Work required: Each line from the one containing "Some of the text" through the last line of the entries below is to be transcribed exactly. Nothing else belongs in the reply.

Start of Exercise material

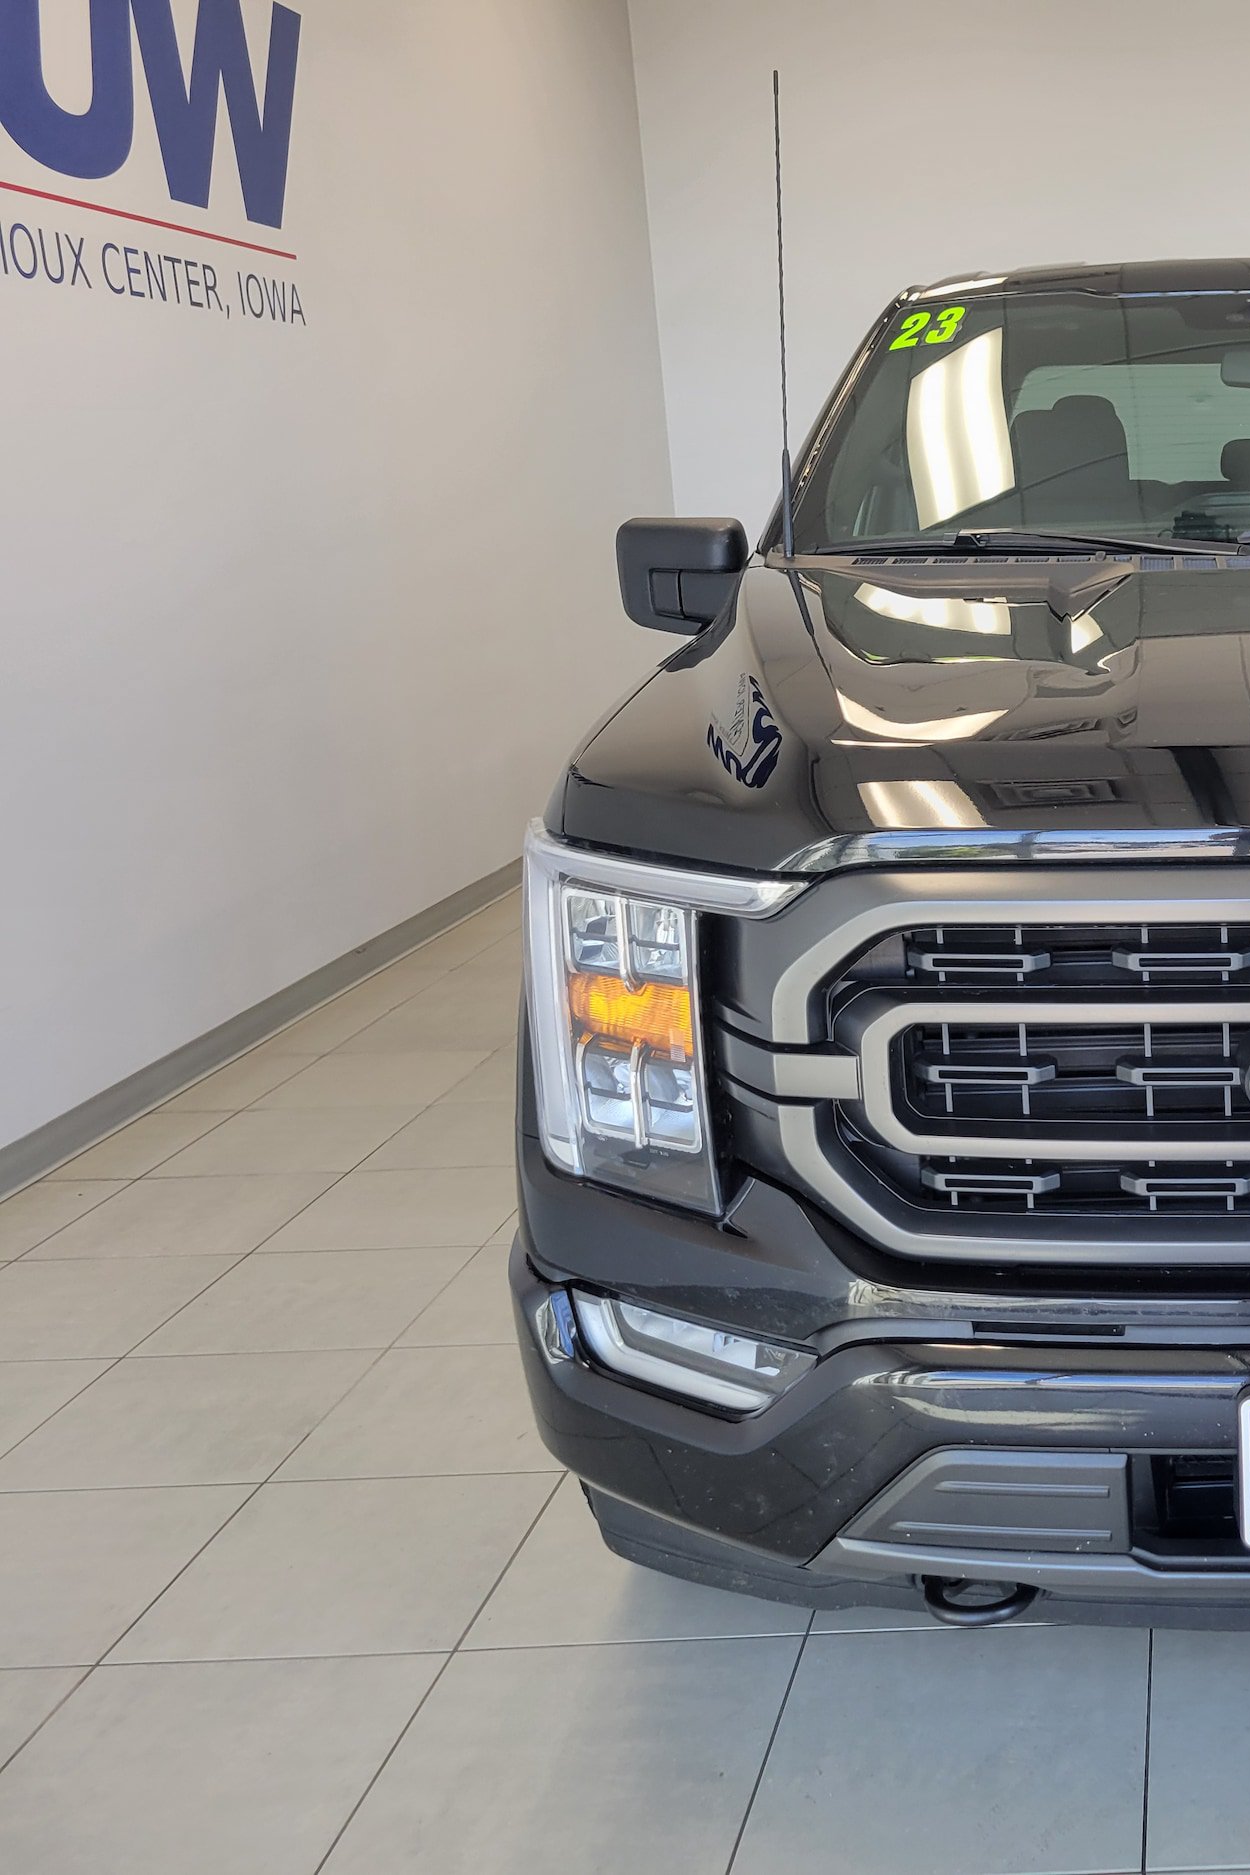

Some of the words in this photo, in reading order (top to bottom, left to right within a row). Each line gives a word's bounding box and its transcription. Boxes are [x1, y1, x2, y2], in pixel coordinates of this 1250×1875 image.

[101, 242, 230, 320] CENTER,
[236, 271, 307, 326] IOWA
[888, 306, 966, 351] 23
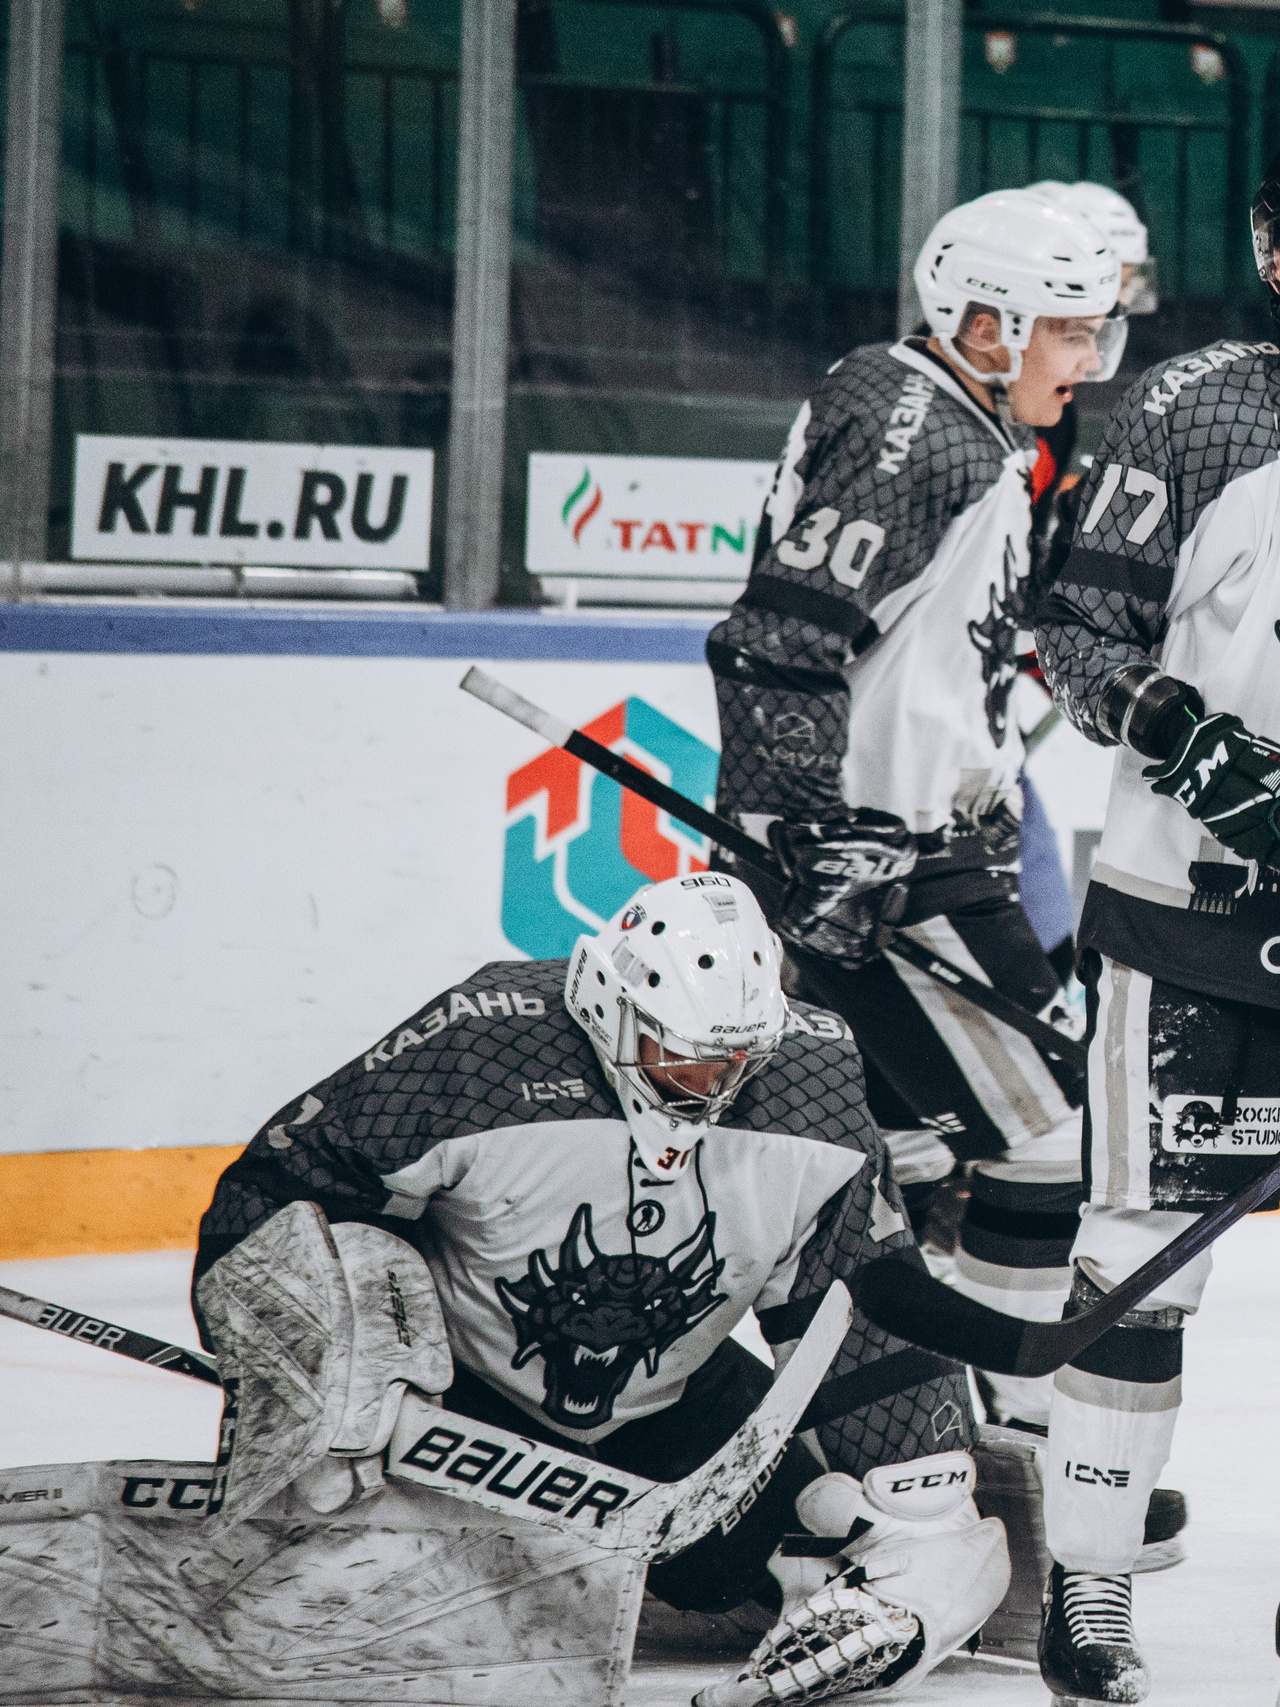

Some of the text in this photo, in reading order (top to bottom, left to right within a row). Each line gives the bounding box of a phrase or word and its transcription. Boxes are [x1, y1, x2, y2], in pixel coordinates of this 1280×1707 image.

[966, 277, 1009, 295] CCM
[98, 461, 409, 544] KHL.RU
[1081, 463, 1168, 545] 17
[611, 519, 760, 555] TATN
[776, 506, 886, 590] 30
[680, 876, 732, 891] 960
[364, 991, 546, 1072] КАЗАНЬ
[120, 1476, 218, 1510] CC
[890, 1470, 968, 1494] CCM

End of Exercise material

Your solution:
Some of the text in this photo, in reading order (top to bottom, left to right within a row). Each line gives the bounding box of a phrase or word and its transcription. Boxes are [x1, y1, x2, y2], in pixel coordinates of this 1280×1707 image.

[966, 277, 1009, 295] CCM
[98, 461, 409, 544] KHL.RU
[1081, 463, 1168, 545] 17
[611, 519, 760, 555] TATN
[776, 506, 886, 590] 30
[680, 876, 732, 891] 960
[364, 991, 546, 1072] КАЗАНЬ
[120, 1476, 218, 1510] CC
[890, 1470, 968, 1494] CCM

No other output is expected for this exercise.